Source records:
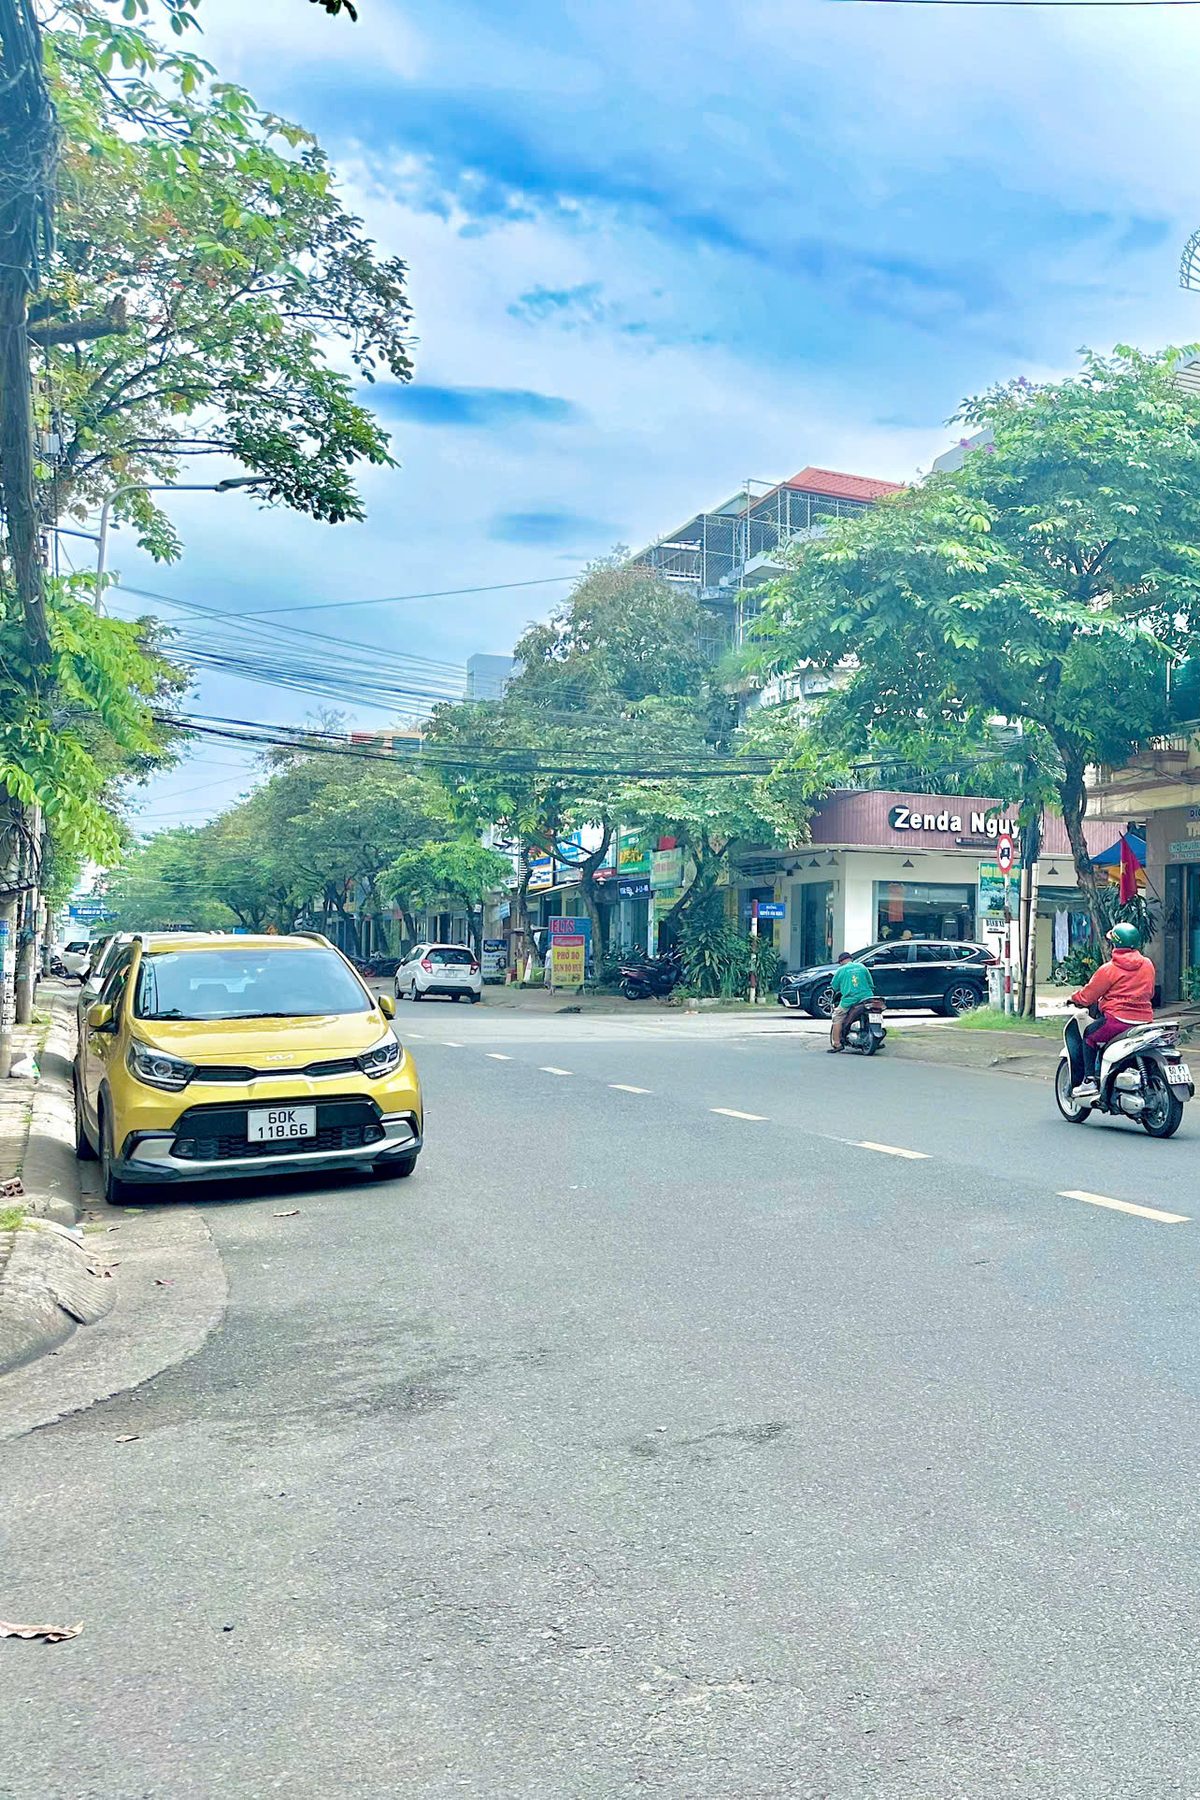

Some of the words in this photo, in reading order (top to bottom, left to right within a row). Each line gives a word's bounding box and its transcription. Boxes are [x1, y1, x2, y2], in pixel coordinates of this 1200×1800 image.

[894, 808, 962, 832] Zenda
[971, 812, 1022, 839] Nguy
[550, 919, 576, 933] IELTS
[268, 1111, 296, 1124] 60K
[258, 1123, 308, 1139] 118.66
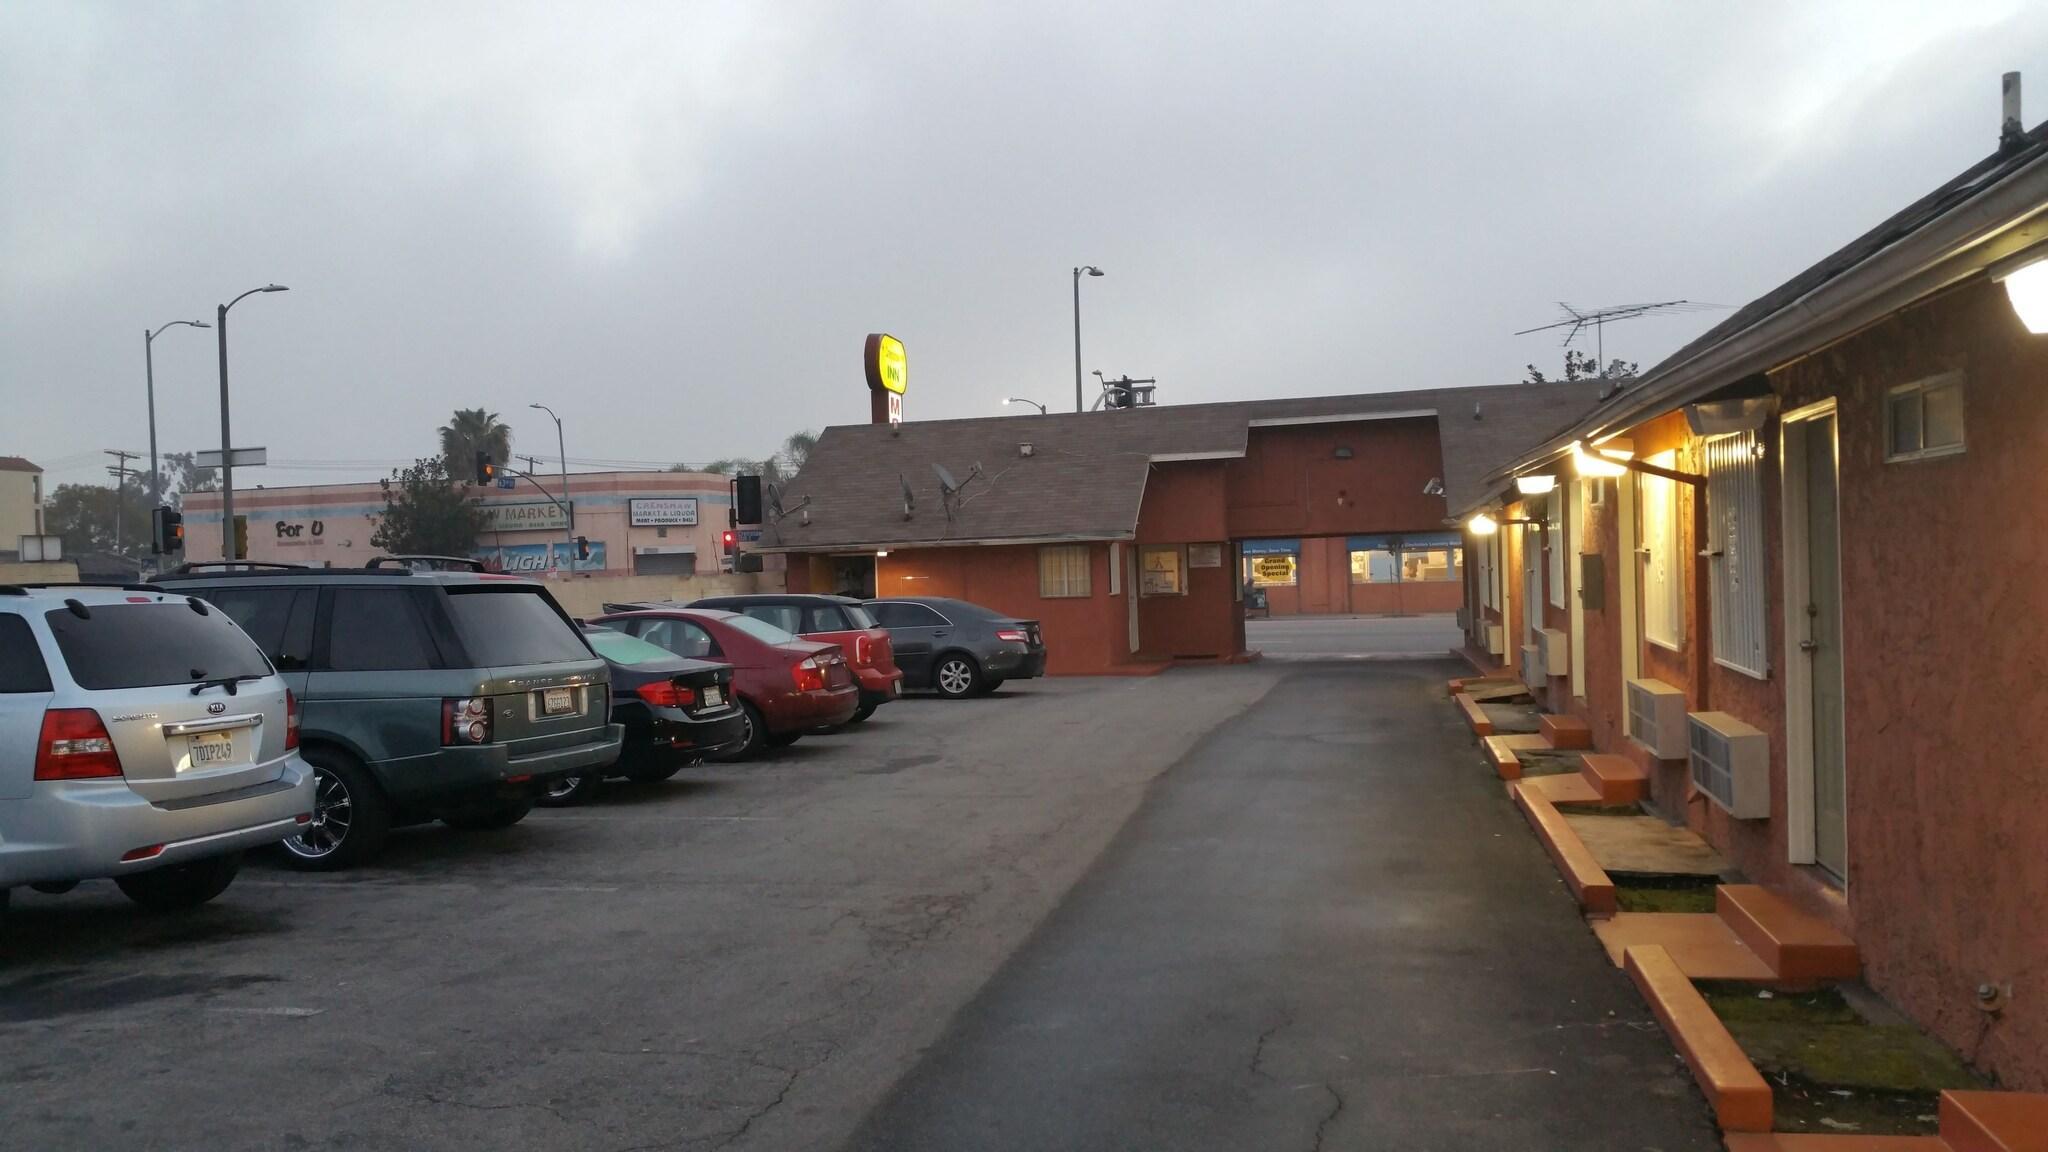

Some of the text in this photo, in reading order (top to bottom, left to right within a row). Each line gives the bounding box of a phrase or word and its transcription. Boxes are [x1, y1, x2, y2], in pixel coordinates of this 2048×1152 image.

[887, 365, 899, 382] INN
[210, 703, 225, 713] KIA
[193, 743, 232, 761] 7DIP249
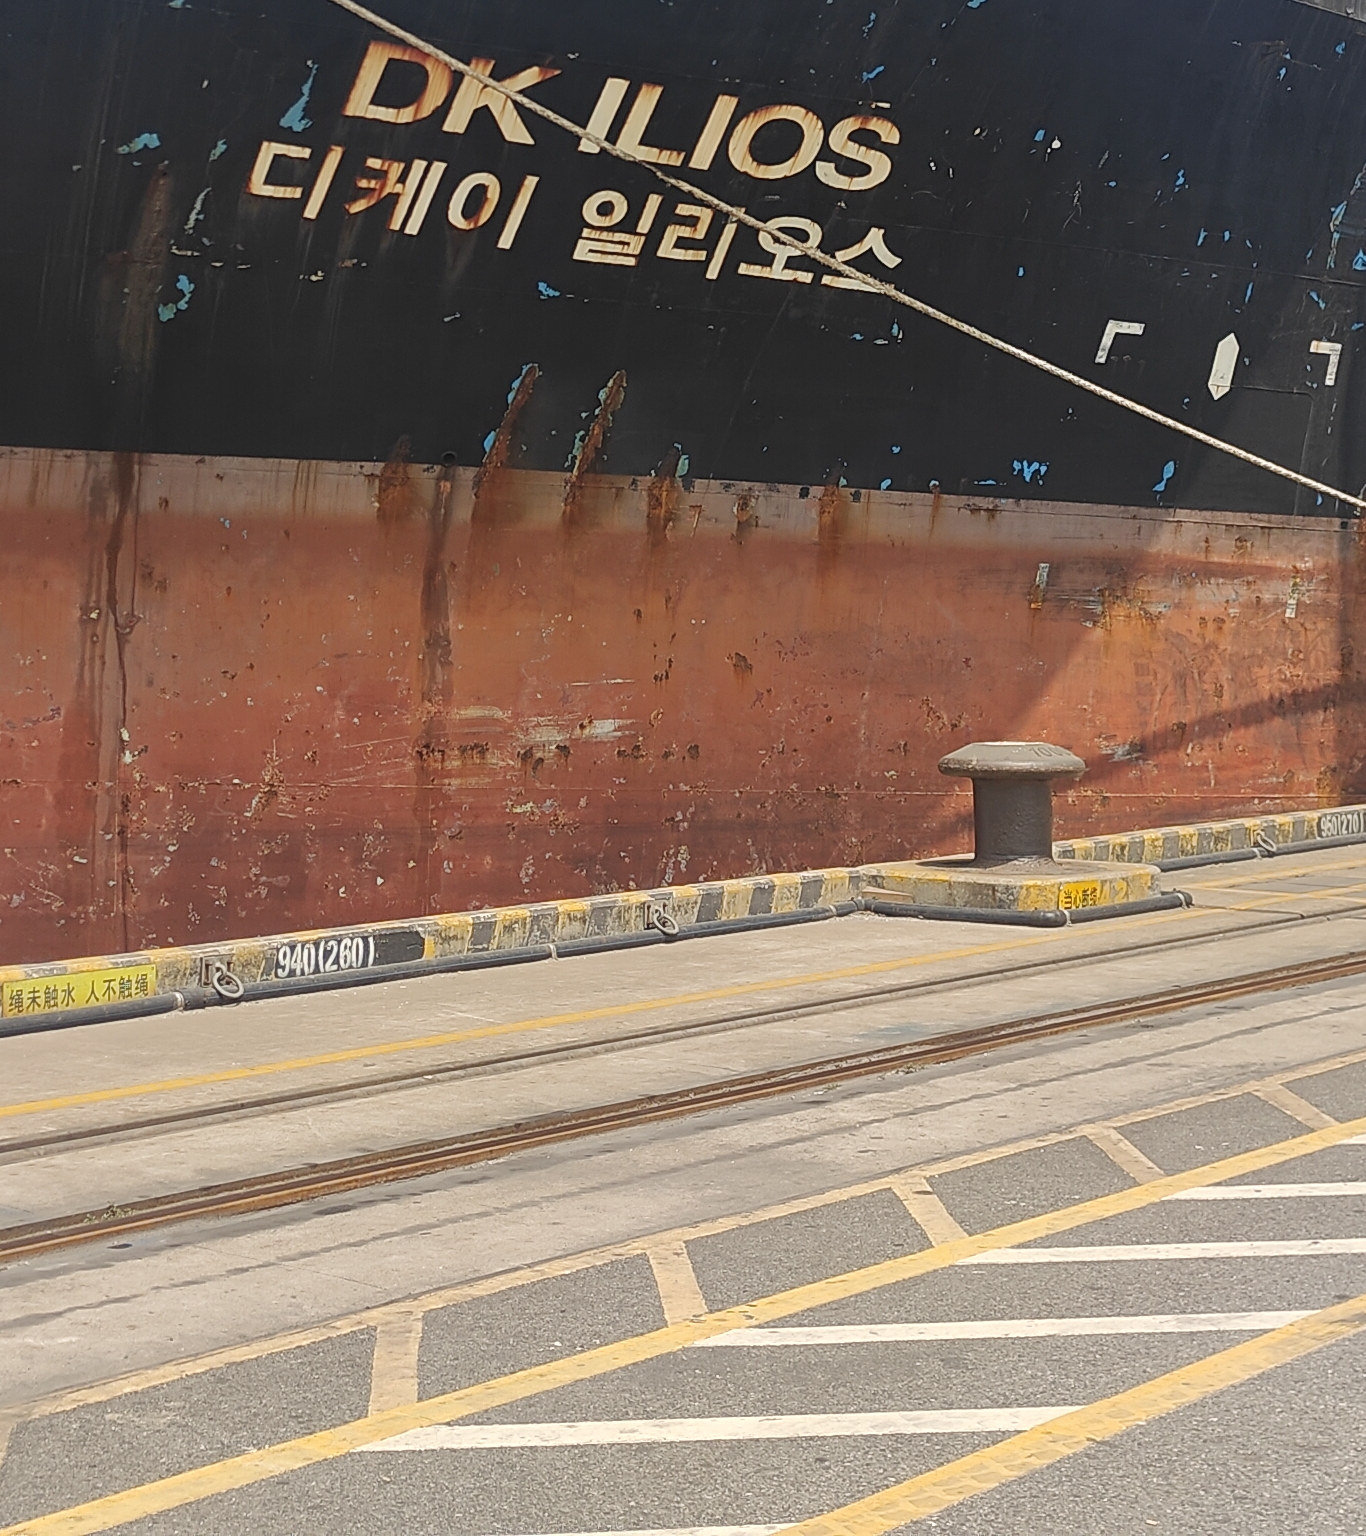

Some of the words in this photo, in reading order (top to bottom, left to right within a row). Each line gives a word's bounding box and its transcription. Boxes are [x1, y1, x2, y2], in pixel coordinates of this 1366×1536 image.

[341, 39, 563, 146] DK
[577, 76, 902, 192] ILIOS
[245, 140, 541, 251] 디케이
[571, 188, 904, 295] 일리오스
[8, 983, 77, 1014] 绳未触水
[85, 972, 150, 1005] 人不触绳
[277, 935, 376, 978] 940(260)
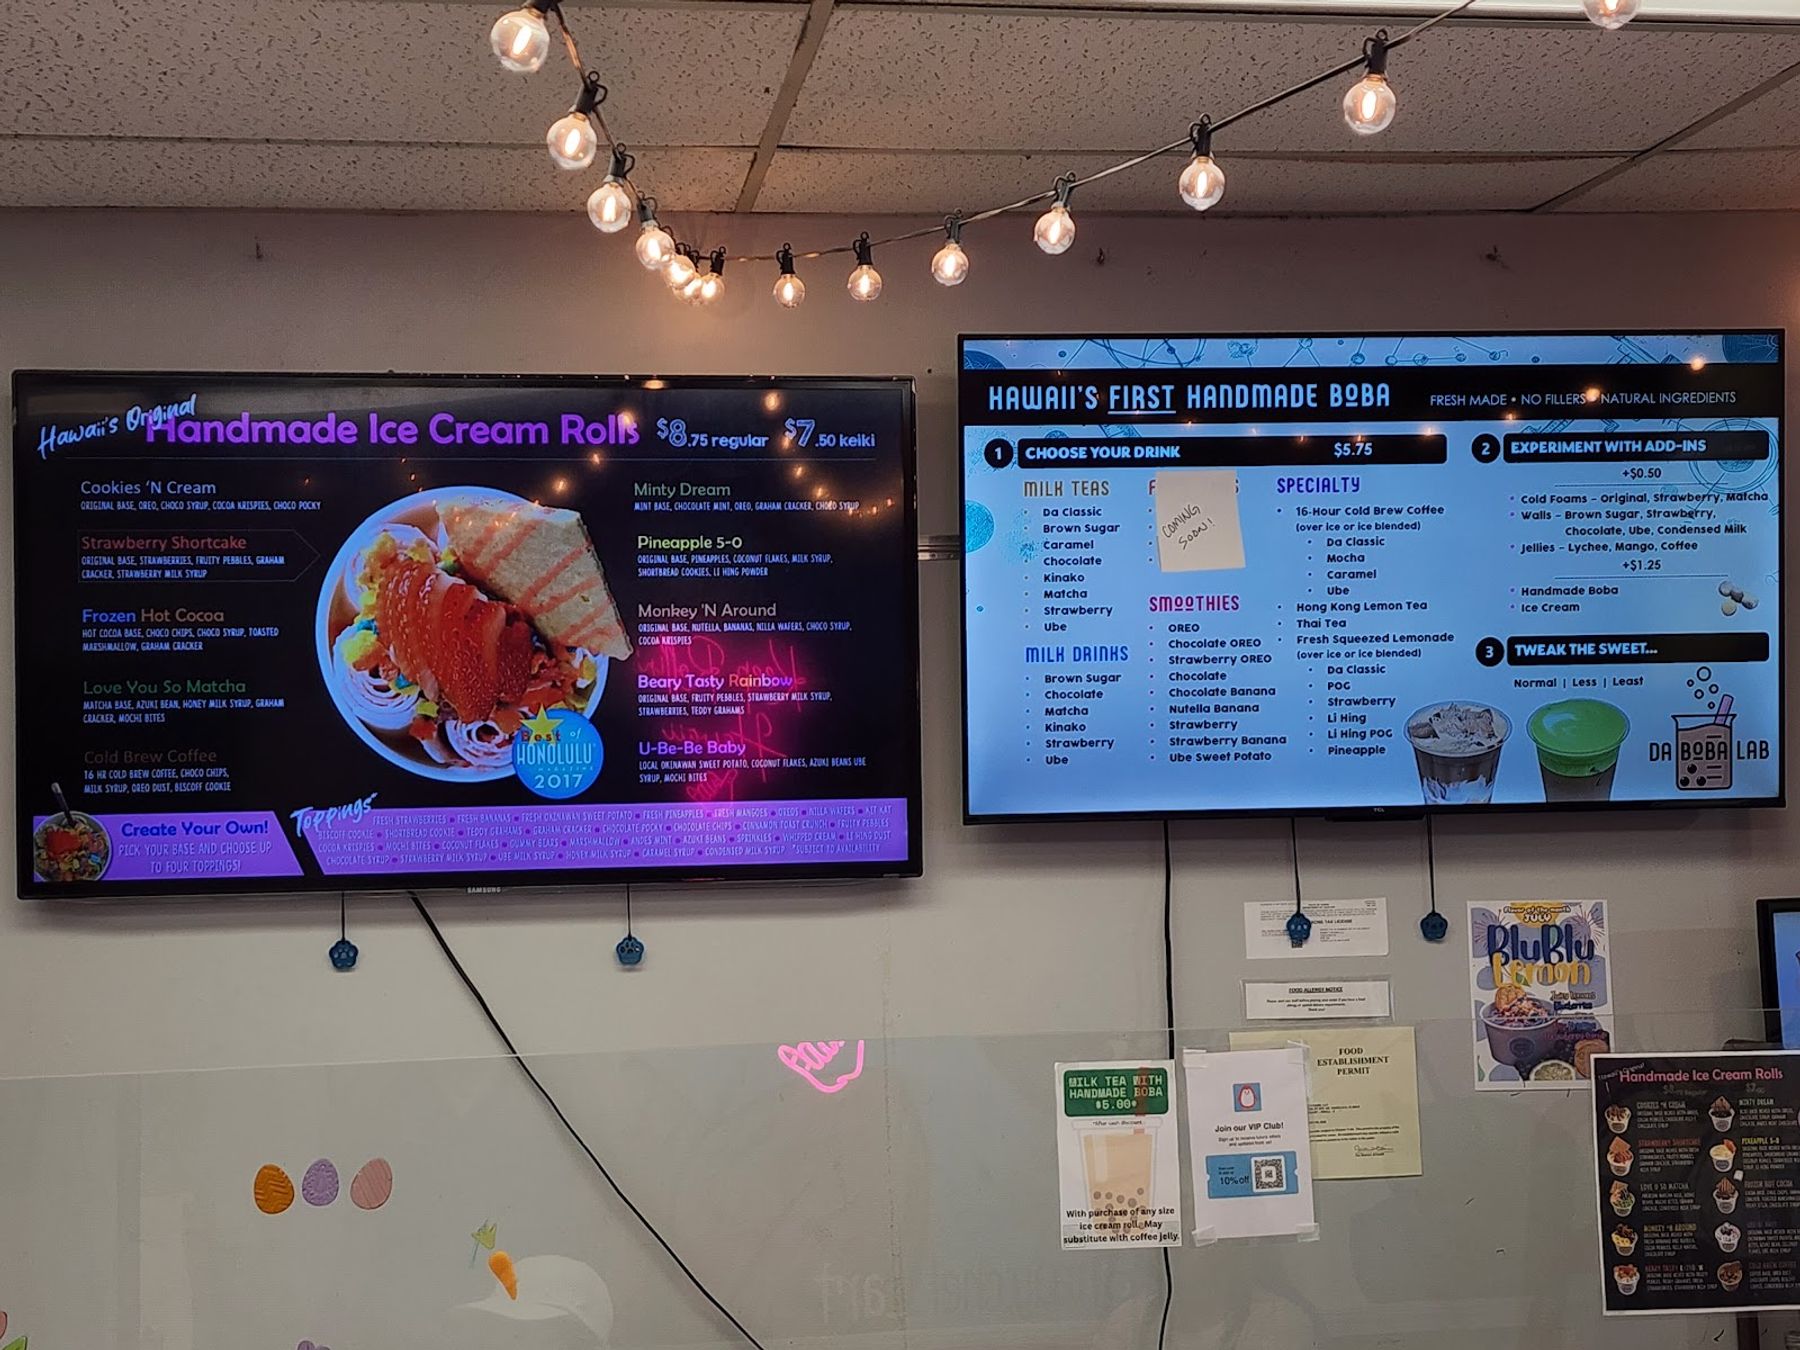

» **Aim of the exercise**:
Each entry should be set down exactly, pictures excluded.

» **Problem solution**:
Some of the words in this photo, in reading order (top to bottom, left to right within a row). Each line gives a word's bounding box and its transcription. Boxes are [x1, y1, x2, y2], in pixel coordinates of this 1200×1800 image.

[894, 808, 962, 832] Zenda
[971, 812, 1022, 839] Nguy
[550, 919, 576, 933] IELTS
[268, 1111, 296, 1124] 60K
[258, 1123, 308, 1139] 118.66

Some of the text in this photo, in reading order (top to bottom, left to right within a row). Each line gives the bounding box of a phrase or word and its transcription. Boxes are [x1, y1, x2, y2], in pixel coordinates of this 2048×1152 image.

[887, 365, 899, 382] INN
[210, 703, 225, 713] KIA
[193, 743, 232, 761] 7DIP249

Some of the words in this photo, in reading order (top to bottom, left to right within a row). Each line gives a word's bounding box and its transcription. Boxes are [x1, y1, x2, y2], in pixel coordinates of this 1366×1536 image.

[341, 39, 563, 146] DK
[577, 76, 902, 192] ILIOS
[245, 140, 541, 251] 디케이
[571, 188, 904, 295] 일리오스
[8, 983, 77, 1014] 绳未触水
[85, 972, 150, 1005] 人不触绳
[277, 935, 376, 978] 940(260)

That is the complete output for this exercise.